I haven't seen the footage but how can you tell where they were from by watching television?


----------



## delgirl (25 Feb 2006)

dam099 said:
			
		

> I am just saying that in my personal experience once people are removed from the enviroment in NI their opinions on nationality seem to be a little less black and white.


Your experience mirrors mine, apart from the fact that I am from the North.

I met people in various far flung places who were delighted to hear an 'accent from home' and once the questioning of 'what's your surname' or 'what school did you go to' was dealt with, we all knew where we stood and got along really well.  

It's disappointing that the march turned into a riot, IMHO any protest which is likely to cause distruption to the city centre, damage to businesses or injury to members of the Gardai, should not be permitted.


----------



## Duplex (25 Feb 2006)

So a violent rabble of narrow minded sectarian gobdaws, have prevented a crowd of narrow minded sectarian gobdaws from marching/parading through Dublin.  This sordid little shambles (and I don’t mean the road works on O’Connell Street), will now dominate political debate in Ireland for a couple of weeks, in another utterly futile exercise in bringing rational thought to a subject matter that predates the enlightenment in its origins.

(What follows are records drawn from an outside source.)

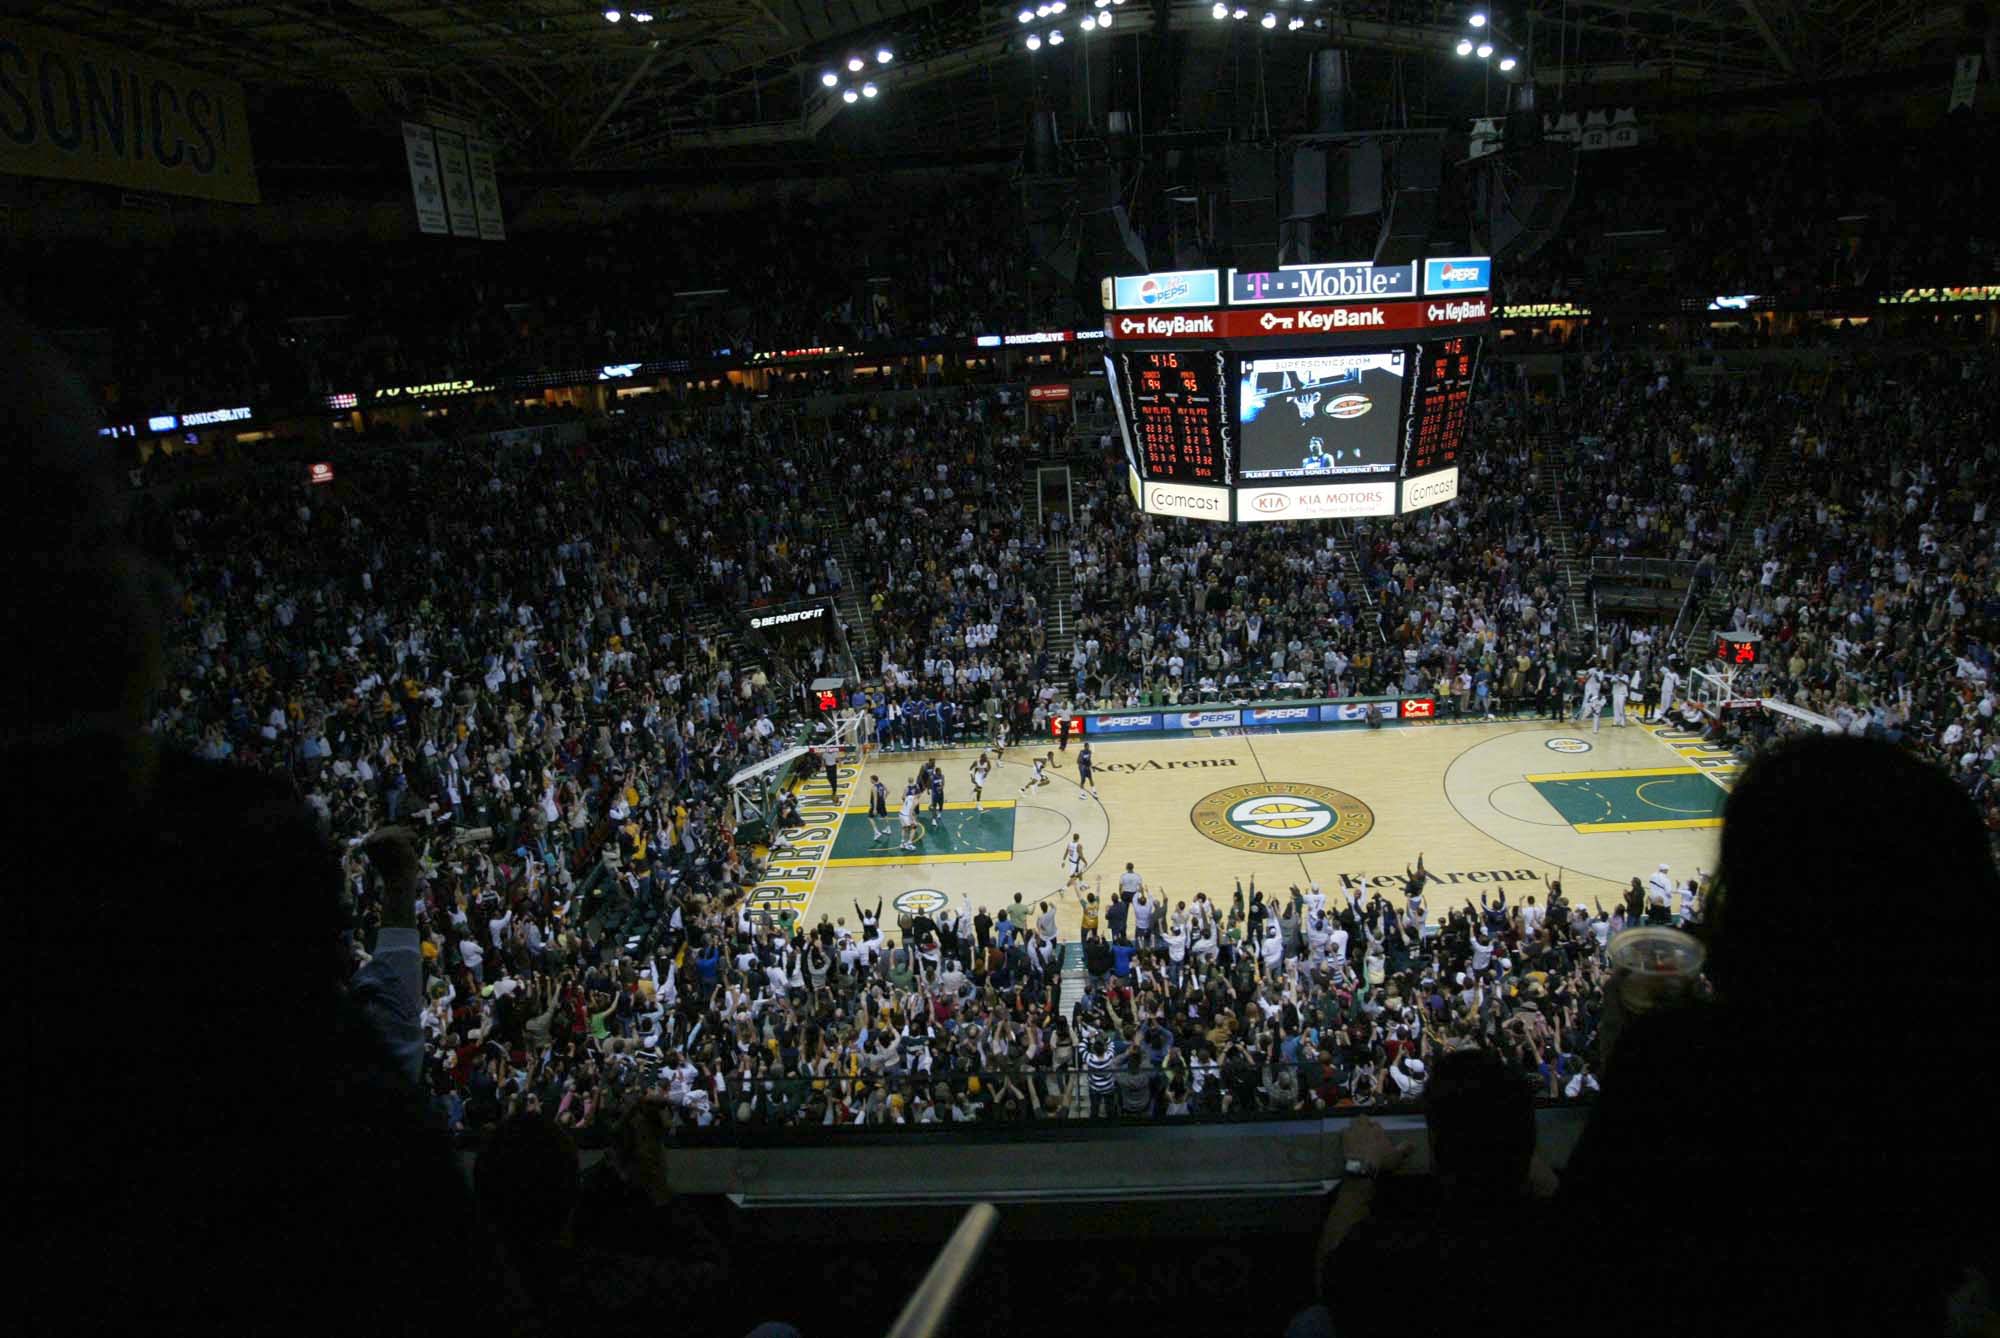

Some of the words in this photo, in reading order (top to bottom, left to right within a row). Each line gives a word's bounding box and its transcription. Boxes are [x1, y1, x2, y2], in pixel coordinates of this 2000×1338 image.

[1451, 267, 1480, 281] PEPSI
[1157, 284, 1188, 303] PEPSI
[1298, 307, 1385, 331] KeyBank
[1445, 301, 1486, 322] KeyBank
[1147, 315, 1214, 337] KeyBank
[1148, 379, 1161, 390] 94
[1183, 379, 1198, 391] 95
[1215, 350, 1228, 424] SEATTLE
[1221, 426, 1232, 485] CENTER
[1299, 494, 1321, 505] KIA
[1326, 491, 1383, 504] MOTORS
[1413, 477, 1455, 502] comcast
[1155, 488, 1219, 511] comcast
[1258, 496, 1284, 509] KIA
[762, 617, 776, 627] BE
[776, 612, 800, 624] PART
[800, 609, 814, 620] OF
[814, 608, 825, 618] IT
[1200, 713, 1235, 724] PEPSI
[1266, 708, 1308, 719] PEPSI
[1357, 706, 1393, 716] PSI
[1111, 715, 1152, 727] PEPSI
[1210, 785, 1336, 806] SEATTLE
[1203, 812, 1365, 851] SUPERSONICS

I think that instead of parades or marches by opposing ‘traditions’; from now on we should organise a bimonthly cartoon competition.  Any thoughts?


----------



## ClubMan (25 Feb 2006)

soc said:
			
		

> JI noticed that alot of the ones on O'Connell St, causing the problems were inner city scumbags...

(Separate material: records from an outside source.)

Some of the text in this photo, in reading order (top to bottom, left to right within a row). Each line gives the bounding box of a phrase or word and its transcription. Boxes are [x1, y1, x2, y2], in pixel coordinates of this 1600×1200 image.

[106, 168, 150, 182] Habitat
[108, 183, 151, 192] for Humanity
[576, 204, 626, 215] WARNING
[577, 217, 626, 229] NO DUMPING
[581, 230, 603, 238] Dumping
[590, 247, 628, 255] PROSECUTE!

 I thought that the addresses of many of the 14 in court tonight were not inner city?


			
				delgirl said:
			
		

> It's disappointing that the march turned into a riot


It didn't. The march never got going and the riot was between counter demonstrators and _Gardai_.


----------



## Purple (26 Feb 2006)

The scumbags (from whatever postal code) managed to damage the international image of this country. The New York Times  ran a nice superficial little story about it today.
The Marchers got exactly what they wanted; they showed their supporters back up North that we in the "South" are still too sectarian to be taken seriously when we talk of a pluralist united Ireland. Having seen the RSF supporters on the News I am inclined to agree with them. The fact that many of them are as bigoted as the stone throwers is beside the point.


----------



## Henny Penny (26 Feb 2006)

I had the misfortune of being in Dublin city yesterday during the violence ... not an experience I would care to repeat. 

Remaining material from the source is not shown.